APF acusada de financiamentos ilegais

O IPJ atribuiu uma verba para a linha de ajuda sobre a sexualidade que
não foi aplicada.


A Associação para o Planeamento da Família (APF) é acusada de ter
obtido financiamentos ilegais. A auditoria da Inspecção-Geral das
Finanças revela a atribuição de uma verba para a linha de ajuda sobre
sexualidade que não foi executada, o que é considerado um crime de
desvio de subvenção ou subsídio.

De acordo com a auditoria da Inspecção-Geral das Finanças, a APF
recebeu do IPJ mais de oito mil euros que não foram executados. O
montante surge no âmbito do protocolo de 2001/2002 referente à linha
sobre sexualidade.

Porém, a TVI sabe mais sobre as irregularidades entre o IPJ e a APF no
que toca à linha sobre sexualidade. Ao contrário do esforço na
contenção das despesas, o encargo financeiro para com a APF tornou-se
mais pesado numa altura em que a linha passou a ser paga pelos
utilizadores ao custo de uma chamada local.
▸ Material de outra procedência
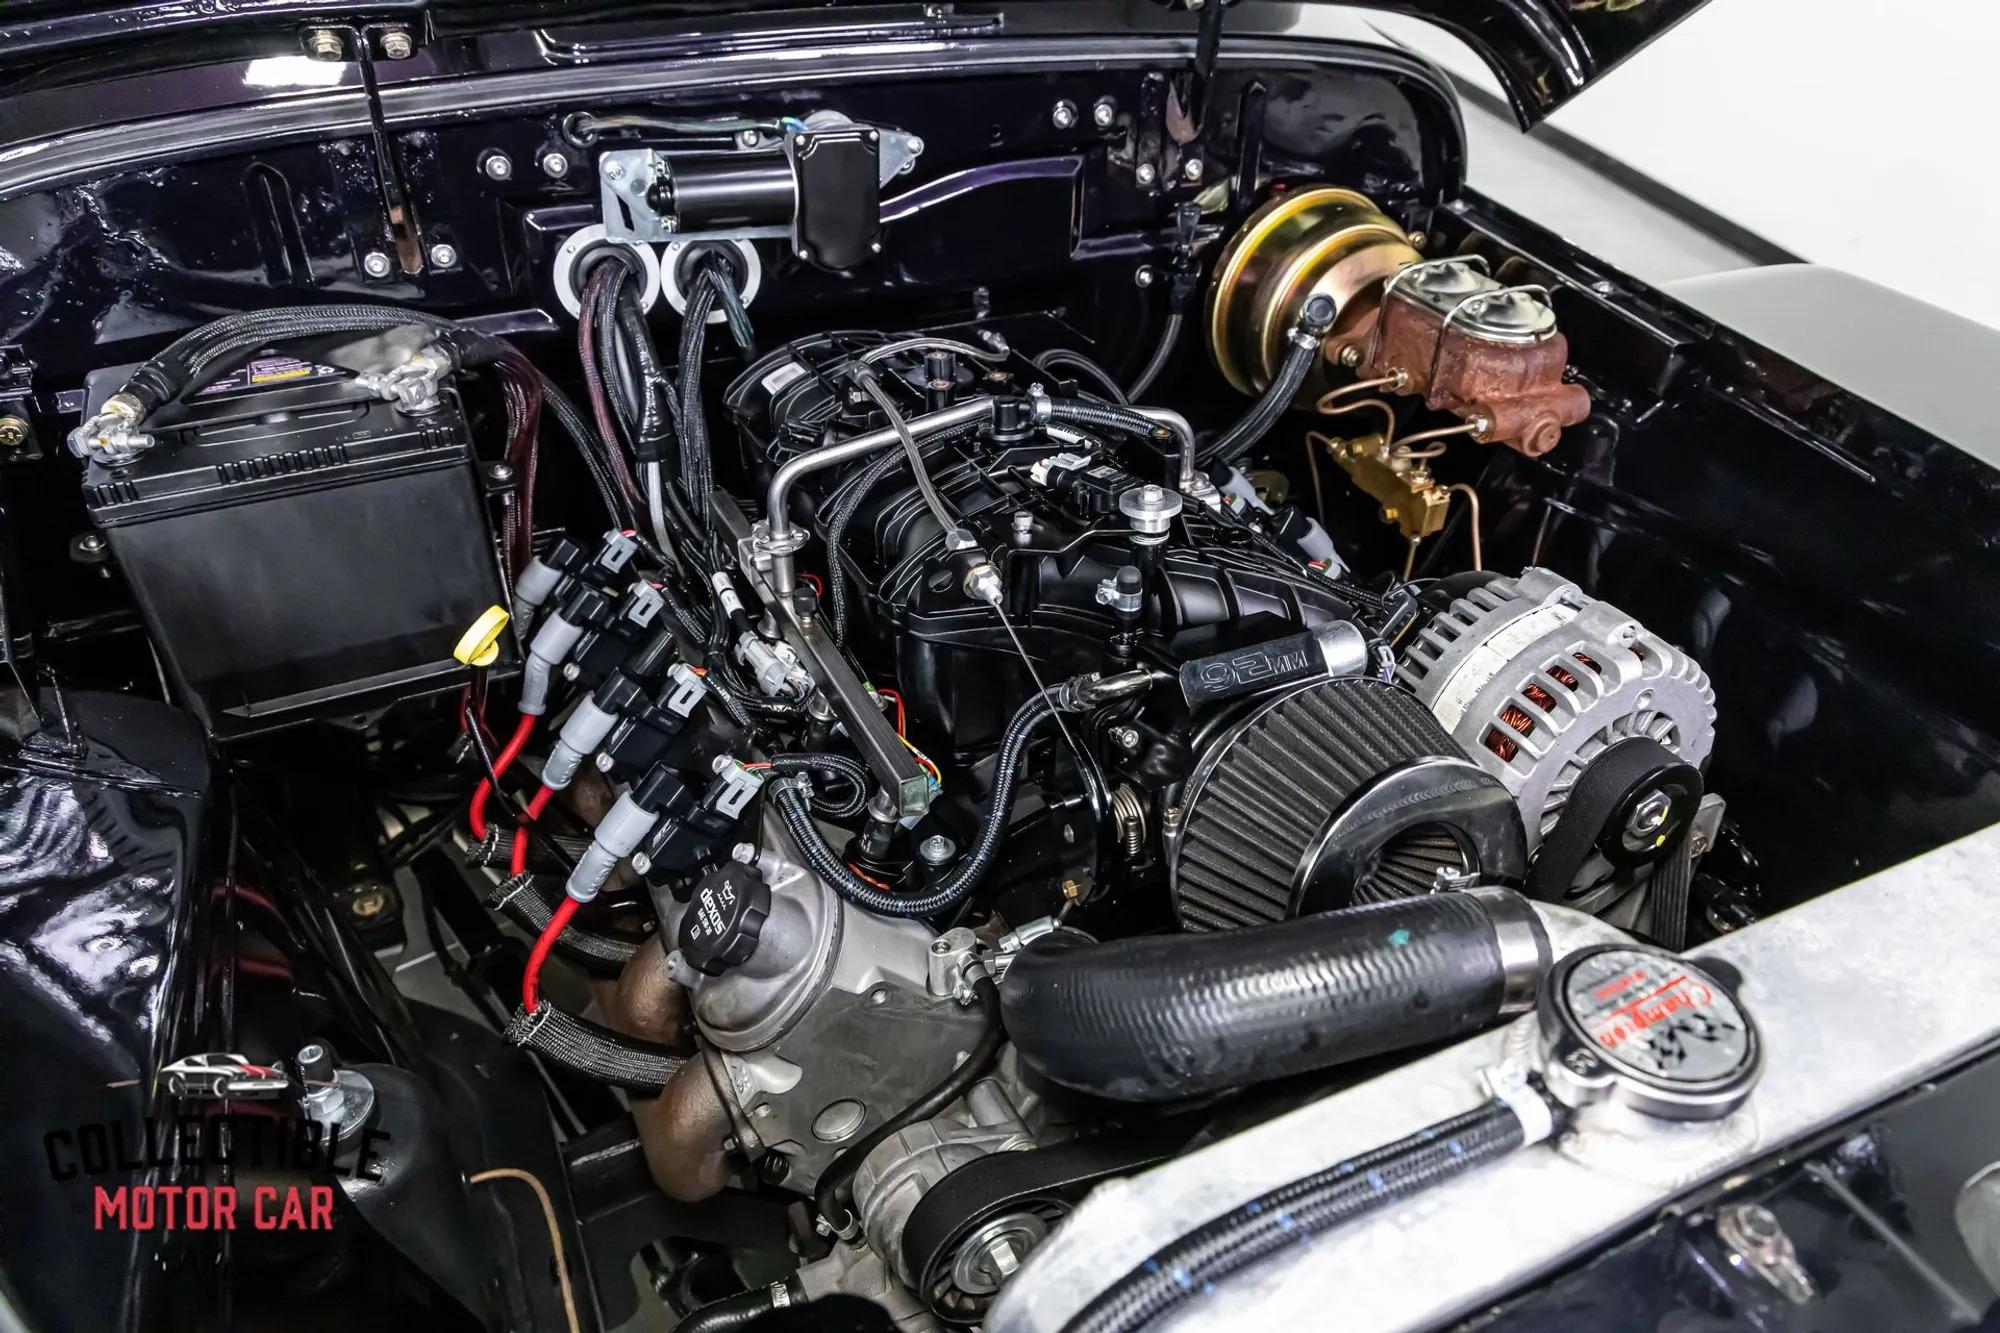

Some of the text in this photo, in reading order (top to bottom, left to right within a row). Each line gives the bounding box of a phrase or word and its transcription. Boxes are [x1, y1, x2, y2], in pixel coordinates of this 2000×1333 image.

Como consequência, as
chamadas diminuíram significativamente.

Em 2002 foram registadas 53 mil chamadas e no primeiro semestre de
2004 pouco mais de 4500. Mesmo que o número de chamadas tivesse
dobrado até ao final do ano, as supostas cerca de nove mil chamadas
ficariam muito aquém das 53 mil registadas dois anos antes, quando a
linha era grátis.

No entanto, o IPJ pagou à APF 120 mil euros apenas no primeiro
trimestre de 2004 quando em 2002 tinham sido pagos 127 mil euros.
Apesar do número de chamadas ter caído abruptamente, o Estado ainda
pagou mais do que o devido à entidade responsável por atender a linha
de ajuda à sexualidade.

Por outro lado, é a APF que detém o exclusivo do site
www.sexualidadejuvenil.pt. A página, suportada pelo IPJ, foi alvo,
emJaneiro deste ano, de uma repreensão do Provedor de Justiça quanto
aos conteúdos, por passar a convicção de que uma mulher pode abortar
sem que
desse facto lhe advenha qualquer sanção.

O site é julgado como um incentivo ao aborto clandestino já que refere
a possibilidade de recorrer à interrupção voluntária da gravidez além
dos três casos previstos na lei.

Depois do Provedor de Justiça foi a vez da própria Procuradoria-Geral
da República chamar a atenção para a ilegalidade do conteúdo da página
da Internet. Há pouco menos de um mês, o Ministério Público solicitou
à Secretaria de Estado da Juventude, que tutela o IPJ, a alteração dos
conteúdos. No entanto, até ao momento, o site continua inalterado.